20 de December del 2016

¿Por qué Bocouture® en lugar de otras toxinas botulínicas?

El hecho de que los profesionales médicos tengamos a nuestra disposición variedad de productos, en este caso, tres tipos de toxina botulínica tipo A, Vistabel®, Azzalure® y Bocouture®, conlleva un mejor conocimiento , mayor calidad y mayor exigencia en los resultados, haciendo que cada paciente sea único, adaptándonos a las necesidades de cada paciente y personalizando mucho más cada tratamiento.

Las tres marcas son formulaciones de toxinas botulínicas tipo A aprobadas para uso cosmético en España.

Bocouture® ha sido la toxina de más reciente incorporación en el mercado. Es nuestra favorita porque presenta unas características ventajosas con respecto a las otras dos toxinas:

                - Pureza de la toxina: Vistabel ® y Azzalure® tienen en su composición proteínas complejantes, a diferencia de Bocouture® que carece de dichas proteínas. Esto reduce considerablemente  el riesgo de generar anticuerpos anti-toxina, por lo que Bocouture® consigue unos resultados fiables, evita los fracasos terapéuticos y consigue un rápido inicio de acción (a partir del 2º día) así como un mantenimiento de los efectos durante 4 meses.
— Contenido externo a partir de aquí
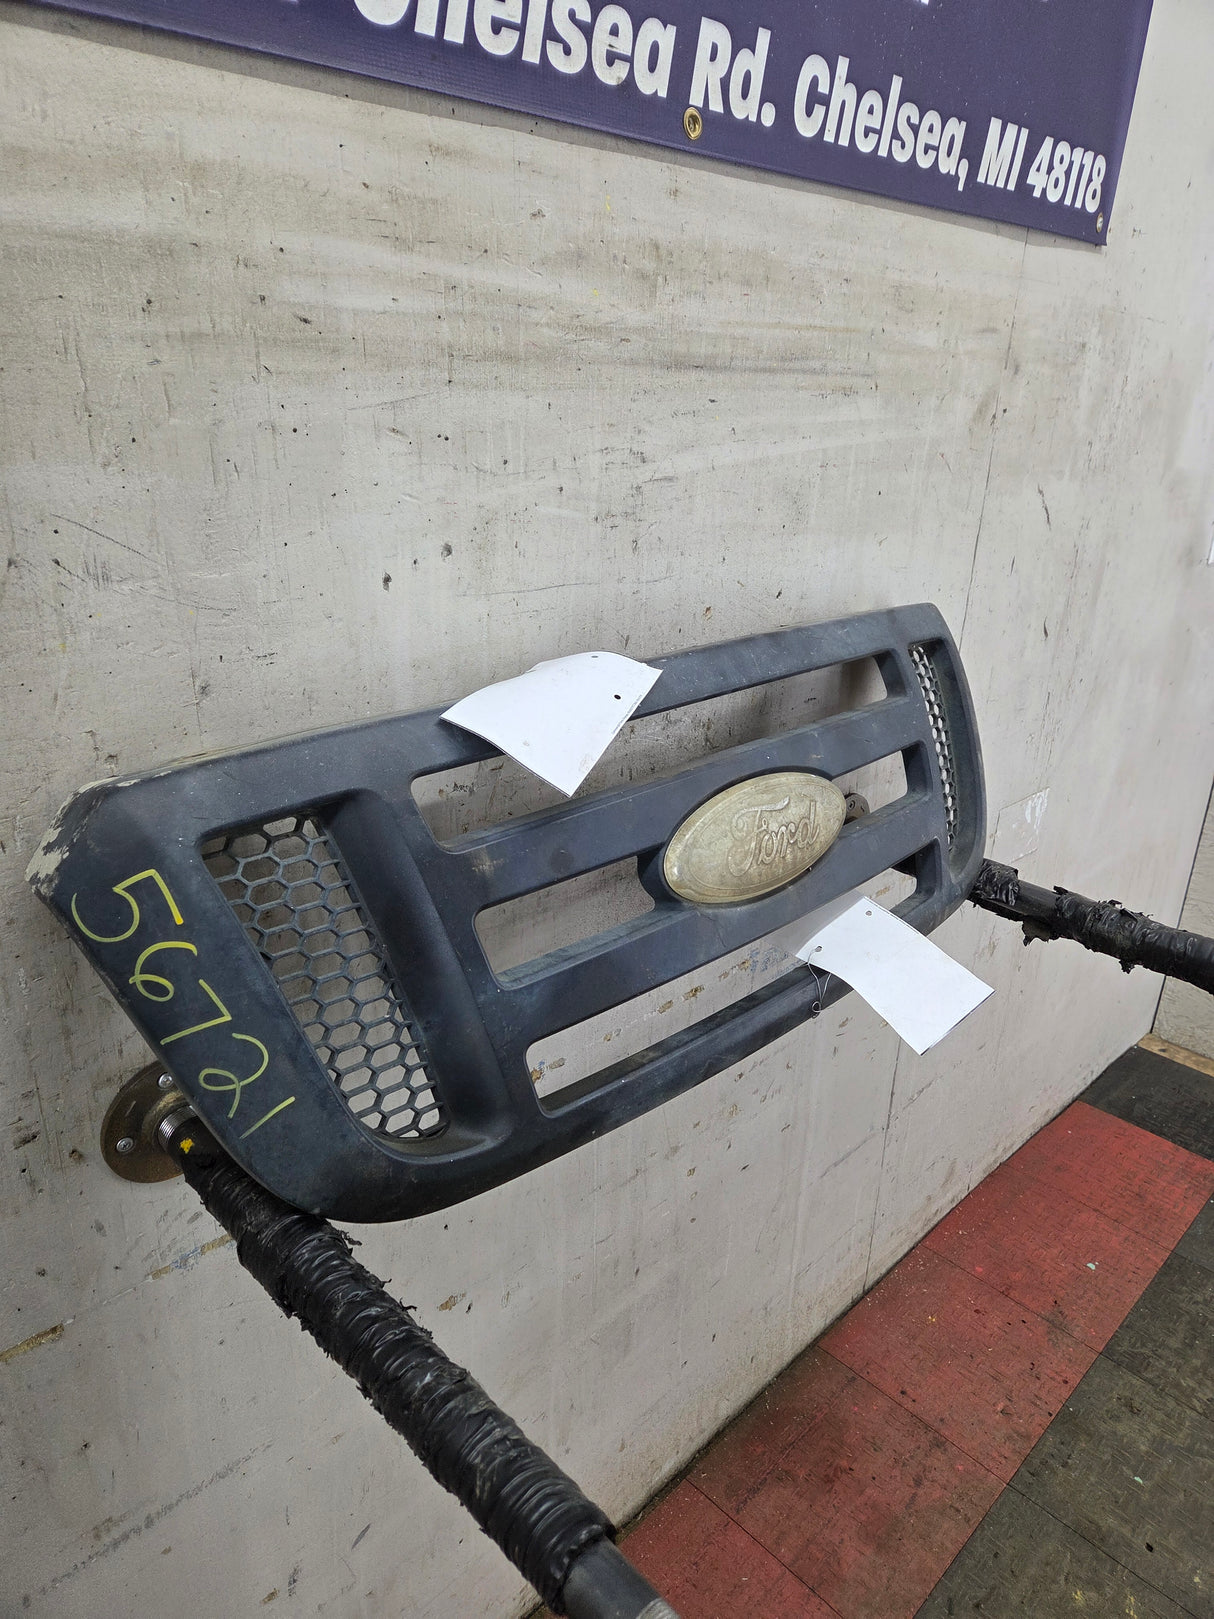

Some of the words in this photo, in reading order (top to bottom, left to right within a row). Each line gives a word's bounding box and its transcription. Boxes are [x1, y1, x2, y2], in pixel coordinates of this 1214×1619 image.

                - Puede conservarse a temperatura ambiente:  Bocouture® es la única toxina botulínica que no requiere cadena de frío para su transporte y almacenamiento. No necesita mantenerse en un frigorífico a una temperatura determinada para que mantenga su eficacia.
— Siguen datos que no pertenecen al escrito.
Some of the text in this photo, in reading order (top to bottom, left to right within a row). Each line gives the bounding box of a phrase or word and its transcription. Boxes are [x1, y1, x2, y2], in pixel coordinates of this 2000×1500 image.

                - Sus características han permitido que sea la primera toxina con autorización sanitaria para su inyección en arrugas de entrecejo, frente y pata de gallo.

La Medicina Estética avanza a grandes pasos y cada vez tenemos a nuestro alcance más productos que nos ayudan a suavizar arrugas, mejorar la piel y enlentecer el proceso del envejecimiento. La toxina botulínica es, sin lugar a dudas, una de nuestras mejores opciones.

En nuestras manos está el buscar dentro de los materiales inyectables, aquéllos que nos dan resultados, seguridad y calidad, ya que, en definitiva, la mejor inversión que hacemos en la vida es en nosotros mismos.